══ DATASET EXCERPTS ══

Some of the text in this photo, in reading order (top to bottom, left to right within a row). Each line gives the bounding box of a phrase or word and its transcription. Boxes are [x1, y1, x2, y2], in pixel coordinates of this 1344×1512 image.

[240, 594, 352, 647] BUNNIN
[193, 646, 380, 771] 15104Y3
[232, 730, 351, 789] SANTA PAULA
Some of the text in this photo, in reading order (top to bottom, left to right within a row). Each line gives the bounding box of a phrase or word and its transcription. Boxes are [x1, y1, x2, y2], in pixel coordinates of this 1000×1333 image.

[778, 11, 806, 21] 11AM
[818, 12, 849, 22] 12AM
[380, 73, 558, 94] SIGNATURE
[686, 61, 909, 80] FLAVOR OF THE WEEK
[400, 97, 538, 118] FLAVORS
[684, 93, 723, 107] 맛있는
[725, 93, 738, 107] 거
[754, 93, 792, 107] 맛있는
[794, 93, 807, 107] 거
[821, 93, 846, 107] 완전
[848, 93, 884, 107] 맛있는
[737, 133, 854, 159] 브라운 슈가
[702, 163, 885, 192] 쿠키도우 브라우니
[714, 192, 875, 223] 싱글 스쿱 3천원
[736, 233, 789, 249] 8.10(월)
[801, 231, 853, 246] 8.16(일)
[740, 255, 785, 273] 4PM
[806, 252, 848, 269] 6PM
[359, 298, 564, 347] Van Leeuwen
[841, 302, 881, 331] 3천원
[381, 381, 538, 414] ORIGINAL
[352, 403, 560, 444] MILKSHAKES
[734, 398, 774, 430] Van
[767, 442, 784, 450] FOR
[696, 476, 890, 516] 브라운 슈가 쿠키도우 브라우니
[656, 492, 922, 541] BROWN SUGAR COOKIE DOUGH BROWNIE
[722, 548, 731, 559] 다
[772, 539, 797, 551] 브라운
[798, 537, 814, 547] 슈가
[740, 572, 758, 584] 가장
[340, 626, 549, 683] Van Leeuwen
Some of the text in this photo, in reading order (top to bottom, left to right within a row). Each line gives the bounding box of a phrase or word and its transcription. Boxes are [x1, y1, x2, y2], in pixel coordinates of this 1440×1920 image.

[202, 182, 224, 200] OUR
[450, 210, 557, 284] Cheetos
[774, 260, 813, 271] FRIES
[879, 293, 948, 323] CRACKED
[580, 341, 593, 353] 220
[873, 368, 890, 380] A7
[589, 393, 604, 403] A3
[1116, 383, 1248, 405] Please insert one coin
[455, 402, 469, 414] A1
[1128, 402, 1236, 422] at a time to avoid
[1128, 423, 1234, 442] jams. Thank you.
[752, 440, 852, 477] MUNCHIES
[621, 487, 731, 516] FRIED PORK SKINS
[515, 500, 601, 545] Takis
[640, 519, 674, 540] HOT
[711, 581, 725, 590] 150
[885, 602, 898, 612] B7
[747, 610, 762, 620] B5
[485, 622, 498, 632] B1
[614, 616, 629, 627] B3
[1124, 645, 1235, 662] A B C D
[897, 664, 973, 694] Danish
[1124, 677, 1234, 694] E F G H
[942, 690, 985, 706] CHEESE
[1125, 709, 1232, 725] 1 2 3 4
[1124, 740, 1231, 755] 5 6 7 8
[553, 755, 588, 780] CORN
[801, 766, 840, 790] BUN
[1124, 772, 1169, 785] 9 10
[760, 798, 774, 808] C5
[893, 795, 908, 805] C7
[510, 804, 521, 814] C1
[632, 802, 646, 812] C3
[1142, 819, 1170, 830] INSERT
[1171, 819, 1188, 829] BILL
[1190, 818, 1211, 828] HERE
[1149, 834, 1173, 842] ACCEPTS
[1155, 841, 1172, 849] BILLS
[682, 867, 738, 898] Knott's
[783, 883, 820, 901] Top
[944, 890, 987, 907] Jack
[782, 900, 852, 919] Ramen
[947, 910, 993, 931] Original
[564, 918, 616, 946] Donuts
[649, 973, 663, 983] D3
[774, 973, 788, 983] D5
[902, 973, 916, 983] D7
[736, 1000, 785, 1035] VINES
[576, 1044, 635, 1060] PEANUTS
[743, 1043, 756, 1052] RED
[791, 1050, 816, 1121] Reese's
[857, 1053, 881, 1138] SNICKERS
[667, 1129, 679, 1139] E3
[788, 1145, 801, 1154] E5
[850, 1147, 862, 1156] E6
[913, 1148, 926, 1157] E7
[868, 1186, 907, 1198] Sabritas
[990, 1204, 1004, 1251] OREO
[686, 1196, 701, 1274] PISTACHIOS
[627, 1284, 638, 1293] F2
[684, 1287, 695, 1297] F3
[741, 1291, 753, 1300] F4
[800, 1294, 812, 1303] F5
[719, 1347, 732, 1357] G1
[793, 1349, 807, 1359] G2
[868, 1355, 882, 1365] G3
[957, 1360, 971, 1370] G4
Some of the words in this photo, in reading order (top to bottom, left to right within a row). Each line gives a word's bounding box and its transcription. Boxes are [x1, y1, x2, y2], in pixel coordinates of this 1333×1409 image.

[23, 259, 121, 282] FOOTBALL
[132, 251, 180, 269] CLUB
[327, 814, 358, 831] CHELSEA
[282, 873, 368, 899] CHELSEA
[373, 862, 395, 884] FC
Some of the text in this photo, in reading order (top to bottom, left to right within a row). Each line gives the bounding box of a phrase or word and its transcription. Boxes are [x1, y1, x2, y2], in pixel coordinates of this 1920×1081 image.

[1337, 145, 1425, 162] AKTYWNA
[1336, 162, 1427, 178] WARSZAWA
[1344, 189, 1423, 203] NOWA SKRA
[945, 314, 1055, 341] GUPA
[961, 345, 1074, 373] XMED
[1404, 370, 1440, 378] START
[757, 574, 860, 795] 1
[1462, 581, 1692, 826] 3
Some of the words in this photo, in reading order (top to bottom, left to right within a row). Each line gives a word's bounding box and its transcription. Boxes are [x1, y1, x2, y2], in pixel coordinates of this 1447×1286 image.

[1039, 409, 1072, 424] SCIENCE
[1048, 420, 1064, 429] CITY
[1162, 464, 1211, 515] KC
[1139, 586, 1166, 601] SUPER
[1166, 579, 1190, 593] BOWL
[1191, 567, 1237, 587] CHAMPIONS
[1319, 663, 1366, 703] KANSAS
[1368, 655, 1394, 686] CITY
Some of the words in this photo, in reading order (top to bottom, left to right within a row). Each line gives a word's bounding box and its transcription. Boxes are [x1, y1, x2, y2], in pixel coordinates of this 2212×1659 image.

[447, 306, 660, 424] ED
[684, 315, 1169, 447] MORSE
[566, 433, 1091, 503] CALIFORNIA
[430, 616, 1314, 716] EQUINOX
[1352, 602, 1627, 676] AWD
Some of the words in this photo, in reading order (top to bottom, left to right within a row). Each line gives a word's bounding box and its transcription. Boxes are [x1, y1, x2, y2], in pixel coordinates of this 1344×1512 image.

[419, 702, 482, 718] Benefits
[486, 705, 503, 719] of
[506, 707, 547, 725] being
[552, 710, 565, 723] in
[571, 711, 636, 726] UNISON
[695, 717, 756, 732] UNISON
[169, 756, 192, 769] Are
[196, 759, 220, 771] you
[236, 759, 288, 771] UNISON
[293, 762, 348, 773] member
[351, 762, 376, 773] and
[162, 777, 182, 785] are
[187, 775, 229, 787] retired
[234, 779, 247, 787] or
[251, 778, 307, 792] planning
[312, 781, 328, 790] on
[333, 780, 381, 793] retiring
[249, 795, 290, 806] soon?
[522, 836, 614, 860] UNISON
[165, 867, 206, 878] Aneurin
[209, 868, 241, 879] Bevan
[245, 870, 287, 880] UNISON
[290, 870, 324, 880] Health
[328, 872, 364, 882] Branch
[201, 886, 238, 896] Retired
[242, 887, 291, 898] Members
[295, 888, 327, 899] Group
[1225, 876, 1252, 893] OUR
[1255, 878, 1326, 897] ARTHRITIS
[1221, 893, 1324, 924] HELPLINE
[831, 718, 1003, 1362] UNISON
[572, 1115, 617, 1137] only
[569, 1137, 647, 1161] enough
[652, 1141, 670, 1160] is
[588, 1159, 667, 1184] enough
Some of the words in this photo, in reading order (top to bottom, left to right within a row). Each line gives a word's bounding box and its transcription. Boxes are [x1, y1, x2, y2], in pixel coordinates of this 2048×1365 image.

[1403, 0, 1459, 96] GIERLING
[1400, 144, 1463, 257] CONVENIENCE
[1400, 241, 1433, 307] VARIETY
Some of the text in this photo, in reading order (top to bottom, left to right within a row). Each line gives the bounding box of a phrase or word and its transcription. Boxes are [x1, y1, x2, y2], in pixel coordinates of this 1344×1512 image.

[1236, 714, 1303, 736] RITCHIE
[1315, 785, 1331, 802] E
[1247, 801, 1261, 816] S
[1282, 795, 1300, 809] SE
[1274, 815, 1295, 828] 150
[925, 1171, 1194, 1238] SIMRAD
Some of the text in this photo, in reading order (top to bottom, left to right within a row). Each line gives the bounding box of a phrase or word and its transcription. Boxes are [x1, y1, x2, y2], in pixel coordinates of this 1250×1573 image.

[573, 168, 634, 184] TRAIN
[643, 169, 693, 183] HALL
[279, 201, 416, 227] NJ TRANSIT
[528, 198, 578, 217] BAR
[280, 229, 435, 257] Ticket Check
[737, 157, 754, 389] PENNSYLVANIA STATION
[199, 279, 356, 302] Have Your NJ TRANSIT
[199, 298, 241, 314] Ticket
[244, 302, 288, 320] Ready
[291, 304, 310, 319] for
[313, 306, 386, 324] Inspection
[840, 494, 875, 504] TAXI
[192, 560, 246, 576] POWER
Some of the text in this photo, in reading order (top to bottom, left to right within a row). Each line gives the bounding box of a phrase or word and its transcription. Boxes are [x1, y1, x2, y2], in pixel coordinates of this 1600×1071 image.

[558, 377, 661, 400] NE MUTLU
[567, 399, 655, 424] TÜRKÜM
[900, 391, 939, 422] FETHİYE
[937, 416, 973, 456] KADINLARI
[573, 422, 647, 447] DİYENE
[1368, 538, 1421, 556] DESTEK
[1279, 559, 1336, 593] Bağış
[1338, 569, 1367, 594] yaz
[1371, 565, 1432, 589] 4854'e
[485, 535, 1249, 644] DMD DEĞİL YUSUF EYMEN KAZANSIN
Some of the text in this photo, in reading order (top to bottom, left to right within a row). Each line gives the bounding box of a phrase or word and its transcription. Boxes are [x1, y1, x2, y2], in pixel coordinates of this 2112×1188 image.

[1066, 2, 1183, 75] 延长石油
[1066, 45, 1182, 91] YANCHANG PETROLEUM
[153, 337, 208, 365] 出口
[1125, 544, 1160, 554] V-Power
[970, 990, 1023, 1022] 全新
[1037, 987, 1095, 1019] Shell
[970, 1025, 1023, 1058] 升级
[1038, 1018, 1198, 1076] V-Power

═══

PROBLEM DETAILS
From the line holding "this 1600×1071 image." to the final line of the data, output each line exactly and nothing more.

FINISHED TASK
Some of the text in this photo, in reading order (top to bottom, left to right within a row). Each line gives the bounding box of a phrase or word and its transcription. Boxes are [x1, y1, x2, y2], in pixel coordinates of this 1600×1071 image.

[558, 377, 661, 400] NE MUTLU
[567, 399, 655, 424] TÜRKÜM
[900, 391, 939, 422] FETHİYE
[937, 416, 973, 456] KADINLARI
[573, 422, 647, 447] DİYENE
[1368, 538, 1421, 556] DESTEK
[1279, 559, 1336, 593] Bağış
[1338, 569, 1367, 594] yaz
[1371, 565, 1432, 589] 4854'e
[485, 535, 1249, 644] DMD DEĞİL YUSUF EYMEN KAZANSIN
Some of the text in this photo, in reading order (top to bottom, left to right within a row). Each line gives the bounding box of a phrase or word and its transcription. Boxes are [x1, y1, x2, y2], in pixel coordinates of this 2112×1188 image.

[1066, 2, 1183, 75] 延长石油
[1066, 45, 1182, 91] YANCHANG PETROLEUM
[153, 337, 208, 365] 出口
[1125, 544, 1160, 554] V-Power
[970, 990, 1023, 1022] 全新
[1037, 987, 1095, 1019] Shell
[970, 1025, 1023, 1058] 升级
[1038, 1018, 1198, 1076] V-Power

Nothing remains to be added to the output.